Inside the Rain: Prejudice and Mental Health

‘Put some respect on my name!’ is the name of the game.

Inside the Rain starts with our main character, a college student named Benjamin Glass (Aaron Fisher). Glass is a student suffering from ADHD, OCD, Borderline personality and he is Bipolar. He wants to prove to everyone around him that he is smart (or smarter than what people give him credit for). When Glass goes to a party, he meets up with a girl and, after a nightly encounter, the police arrive at his door the next day and arrest him for something he didn’t commit. After his release from police custody, he is told by the college dean that, because of the schools 2 strike policy, they are going to kick him out of school. Glass comes up with a plan to win this misunderstanding case by making a film recreating the events of that night to prove his innocence.

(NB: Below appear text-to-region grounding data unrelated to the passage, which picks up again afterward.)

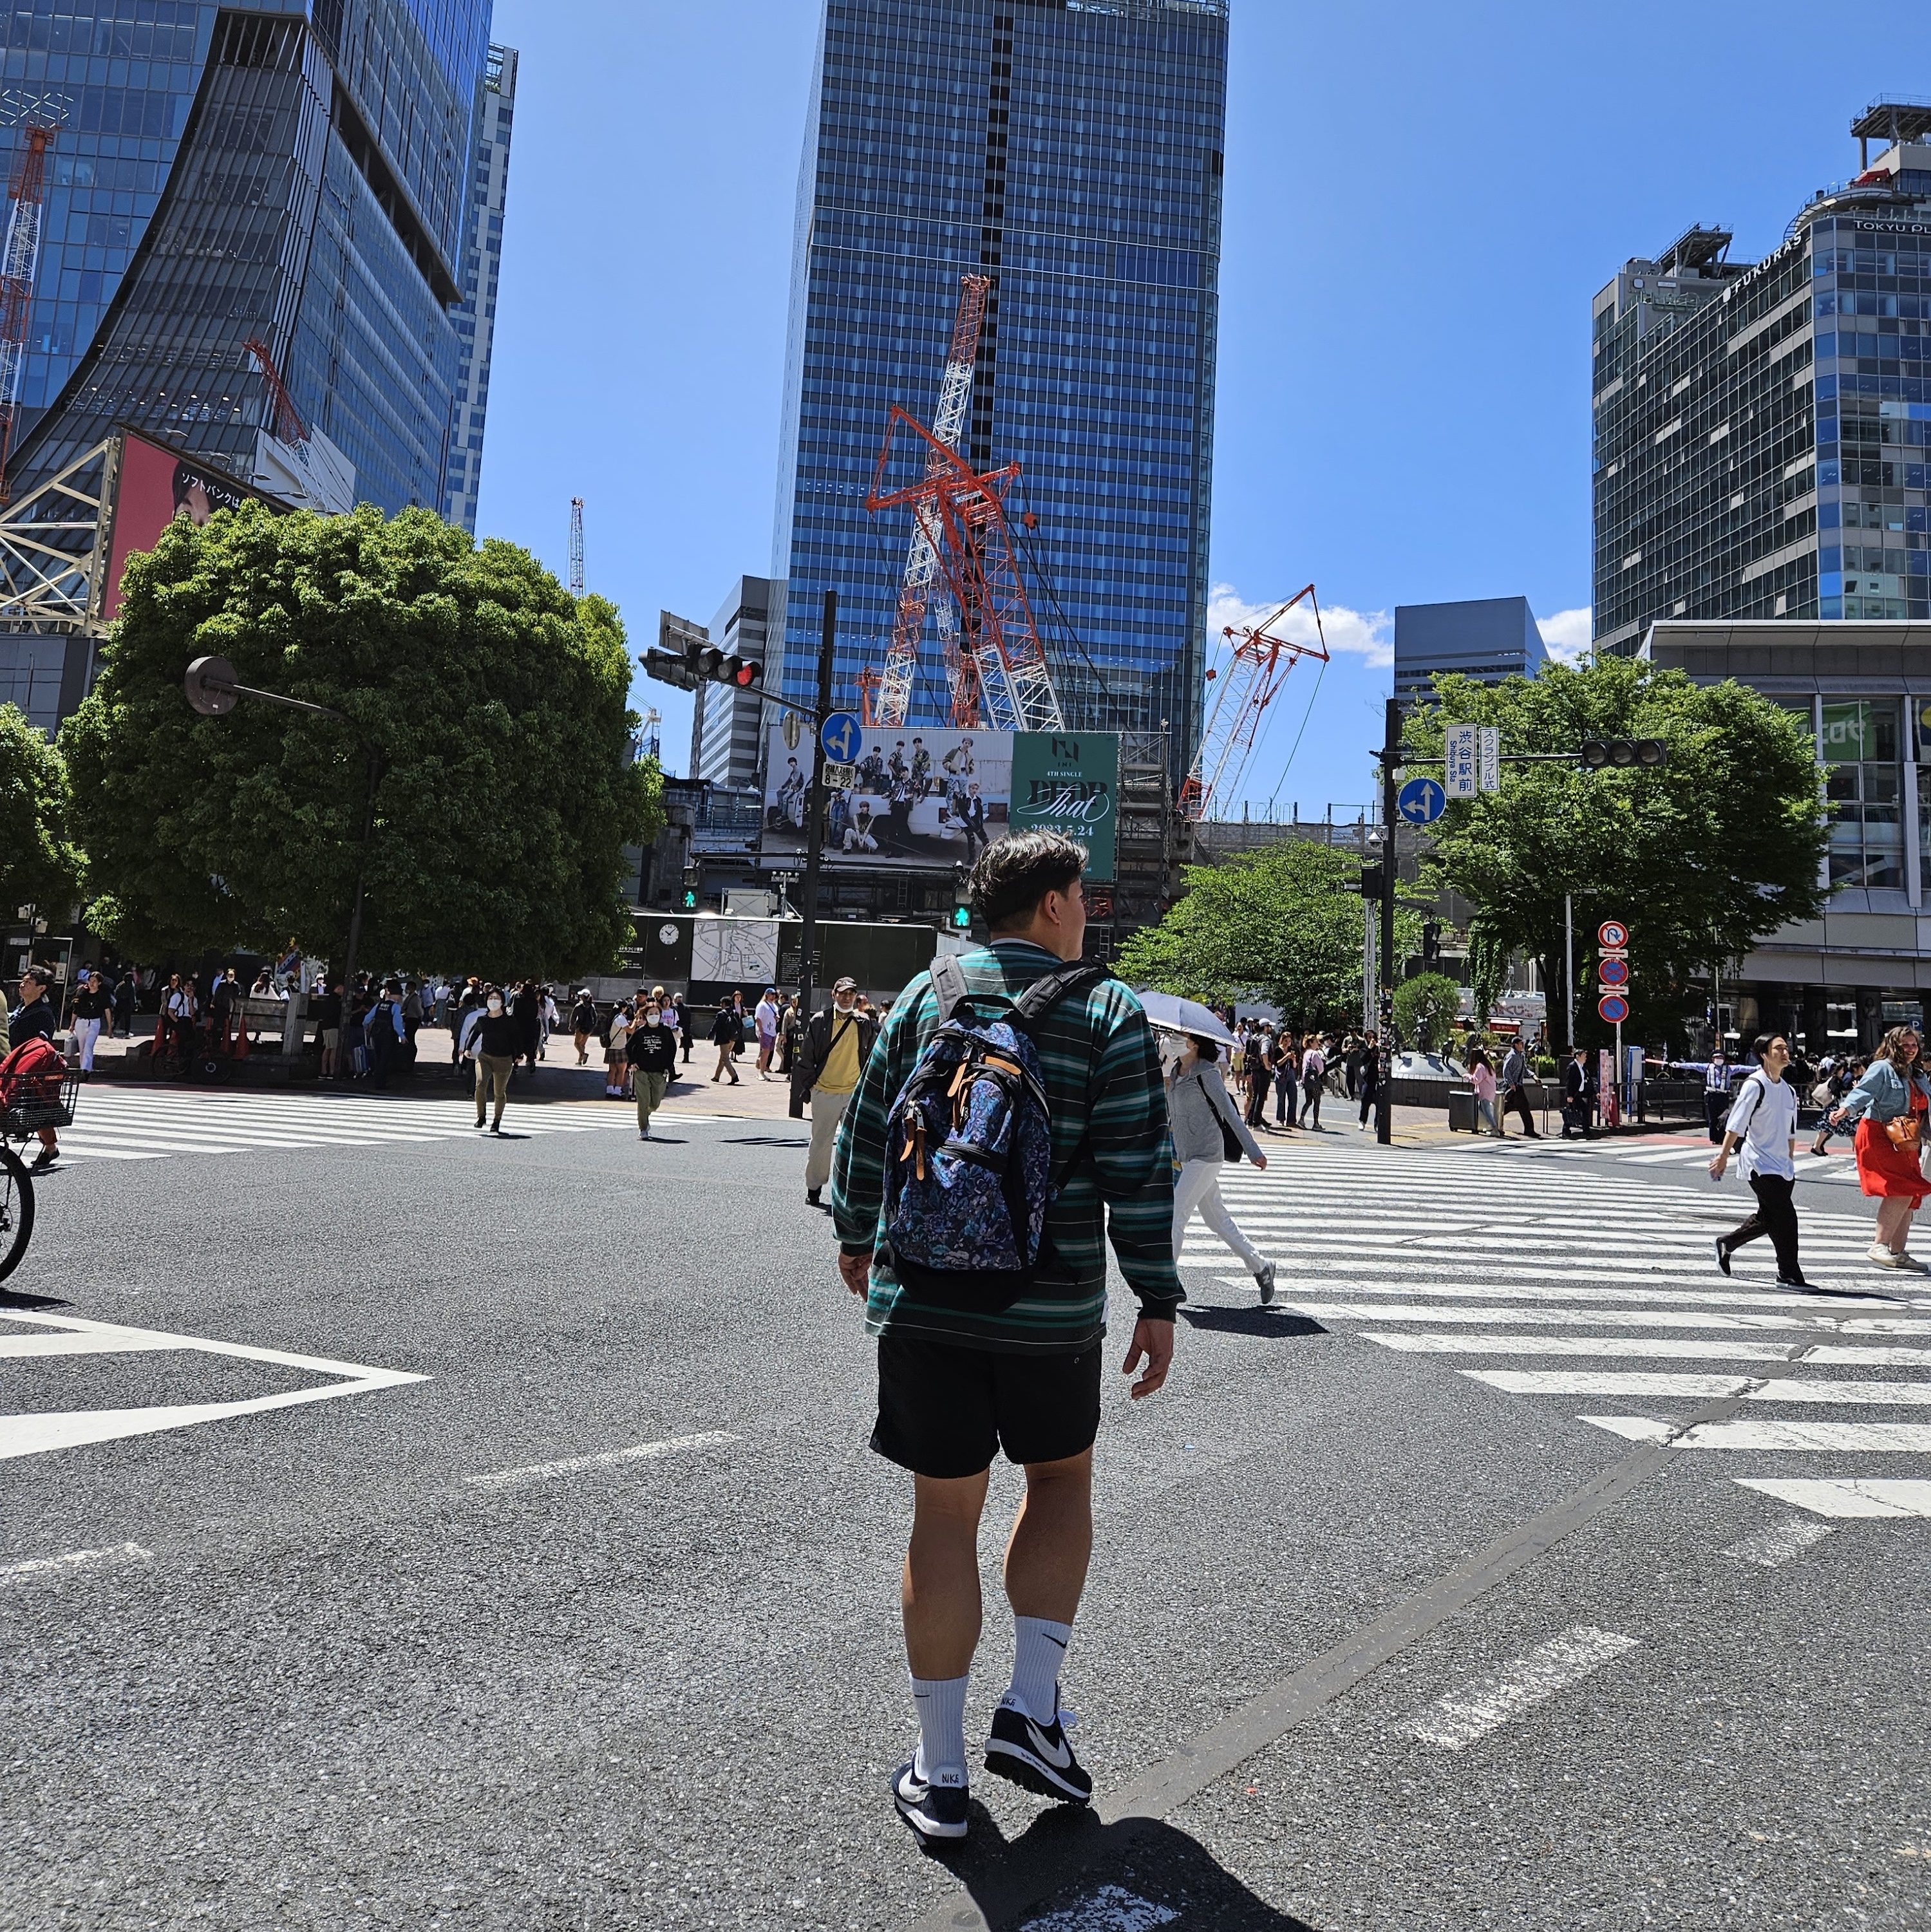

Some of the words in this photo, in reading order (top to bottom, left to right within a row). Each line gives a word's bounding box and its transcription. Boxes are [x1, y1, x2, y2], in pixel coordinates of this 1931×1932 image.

[1854, 220, 1905, 232] TOKYU
[1734, 230, 1802, 293] FUKURAS
[182, 473, 240, 509] ソフトバンクは
[1449, 740, 1457, 768] Shibuya
[1458, 730, 1473, 792] 渋谷駅前
[1484, 731, 1495, 789] スクランブル式
[1017, 783, 1110, 823] That
[1028, 780, 1108, 807] DROP
[1031, 823, 1093, 836] 20235.24
[1912, 1020, 1919, 1029] P

However, he needs an actress to play the girl who wrongfully accused him and Glass hires local moonlight sex worker named Emma (Ellen Toland). Glass? parents (Catherine Curtin and Paul Schulze) send their son to Doctor Holloway (Rosie Perez) on a consistent basis. Glass tells Holloway about his romantic interest in Emma and the movie he is filming to prove his innocence. Holloway feels that those decisions are not good for him and will only lead to him being hurt but Glass?s ambitious desire to prove himself causes him to ignore her advice. With some help from an anonymous donor, Glass now has the money to create his film and prove his innocence. 

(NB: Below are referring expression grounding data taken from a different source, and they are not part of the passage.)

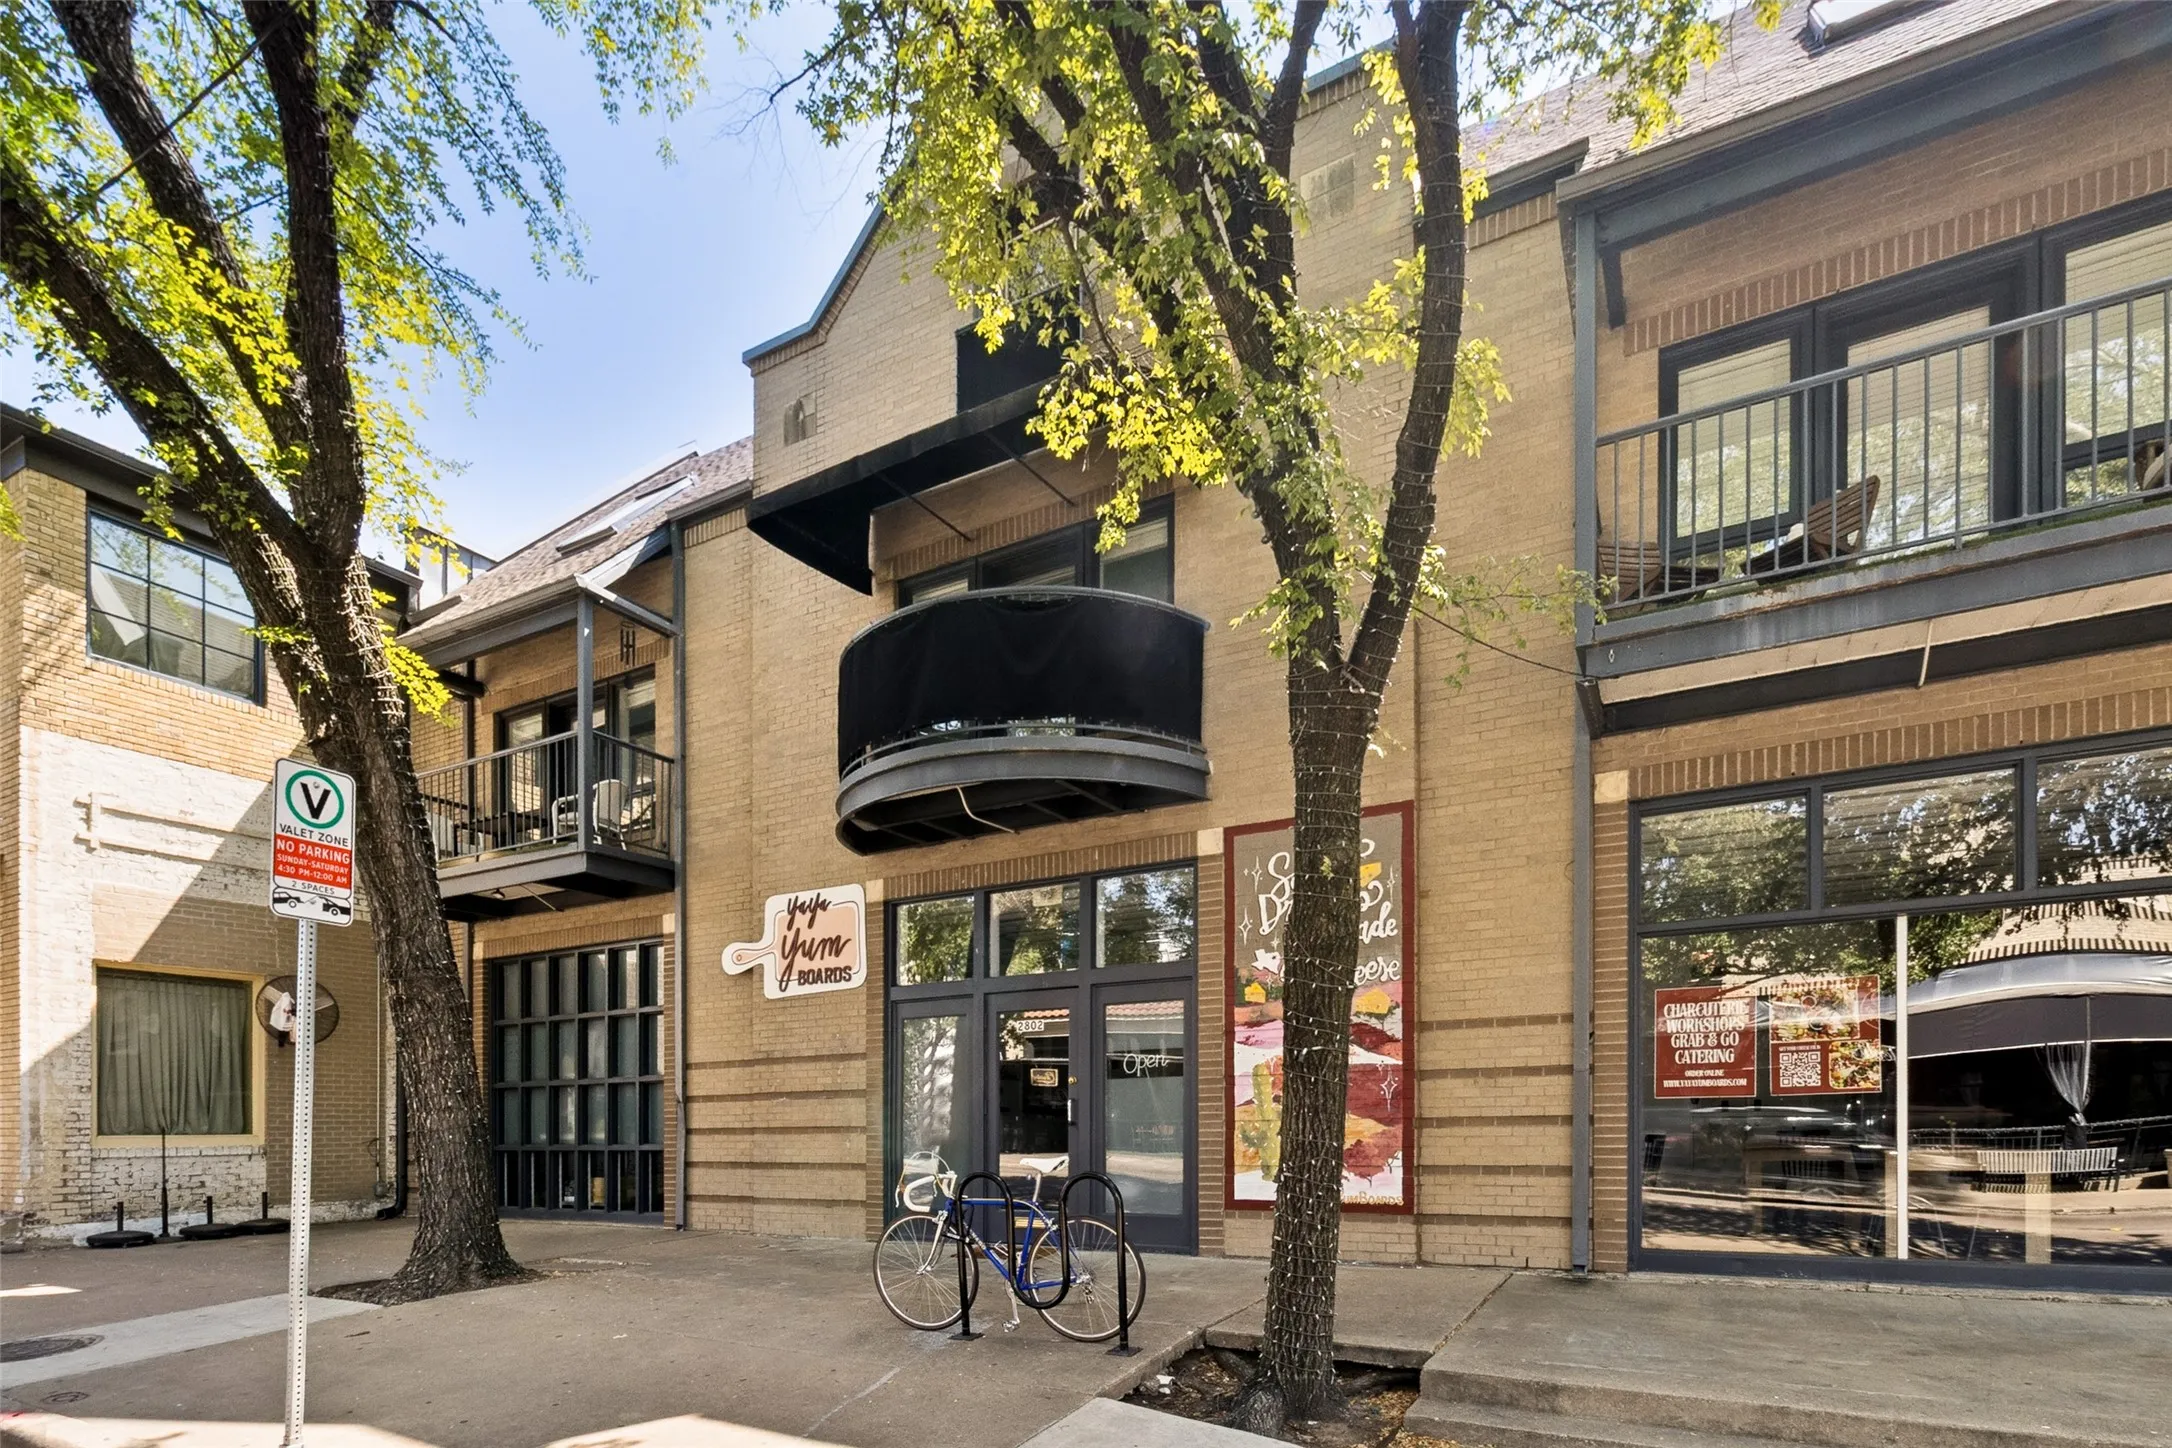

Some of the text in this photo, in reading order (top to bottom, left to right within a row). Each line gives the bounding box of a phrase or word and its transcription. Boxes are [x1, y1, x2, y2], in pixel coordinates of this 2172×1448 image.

[300, 782, 332, 820] V
[280, 823, 349, 847] VALET ZONE
[276, 838, 351, 865] NO PARKING
[277, 853, 349, 875] SUNDAY-SATURDAY
[278, 864, 296, 874] 4:30
[336, 876, 347, 884] AM
[301, 882, 335, 895] SPACES
[798, 966, 852, 986] BOARDS
[1663, 1000, 1749, 1018] CHARCUTERIE
[1017, 1020, 1043, 1031] 2802
[1666, 1016, 1746, 1034] WORKSHOPS
[1670, 1031, 1740, 1048] GRAB & GO
[1123, 1053, 1169, 1077] Open
[1675, 1048, 1735, 1064] CATERING
[1704, 1069, 1725, 1077] ONLINE

As a romantic comedy, Inside The Rain does have its moments but really the movie is more than just a funny rom-com. Throughout the film, we follow Glass as he preps and shoots his film to recreate the incident. In doing so, Glass shows us his life and his world through his eyes, as well as every prejudice that he has faced along the way. I believe this movie touches on topics that society does not want to talk about or just don?t have enough information about. As I watched Inside The Rain, the first thing that came to my mind what that this movie is really about is the cultural prejudice facing people who are living with bipolar disorder. Aaron Fisher who plays Glass does an amazing job of authentically portraying the many disorders that his character is afflicted by. The accuracy from when Glass is taking his meds and seeing his behaviour to when he is off the meds is a thing of beauty. Glass’ father (Paul Schluze) thinks he is crazy making a film and should accept defeat, and that, if word gets out that his son is making a film, he will in the mental ward. The manner in which his father deals with his son in these situations is how a lot of people in society mishandle people who suffer from disorders by looking at them as thought they are mentally ill, need help or are limited to what they can do. This is why, throughout the movie, Glass tells his peers to not tell his parents he is making the film.

Furthermore, the movie also touches on the prejudices faced by sex workers face as well. For example, when we first meet Emma, some patrons from the strip club are trying to force her for a hookup after work until Glass stands up and defends her from the group. Also, when Emma goes to meet Glass?s parents for dinner, Glass whispers to her to not tell his parents that she is a moonlight sex worker. The movie really puts us in the shoes of these two characters and makes you want to root for their relationship and the fight to prove everyone wrong. 

Overall, Inside The Rain is a good movie that touches on the difficult topic of prejudice. Personally, I highly recommend this movie to movie lovers of unique Rom Coms. This would be a great movie for those who are interested in psychology and behaviour. As a psychology major myself, I really enjoyed Glass?s character development and seeing through the eyes of someone with bipolar disorder. With strong performances by a good cast and the topic this movie touches on, Inside the Rain proves to be very successful and worth a watch.

Inside the Rain is available on VOD now.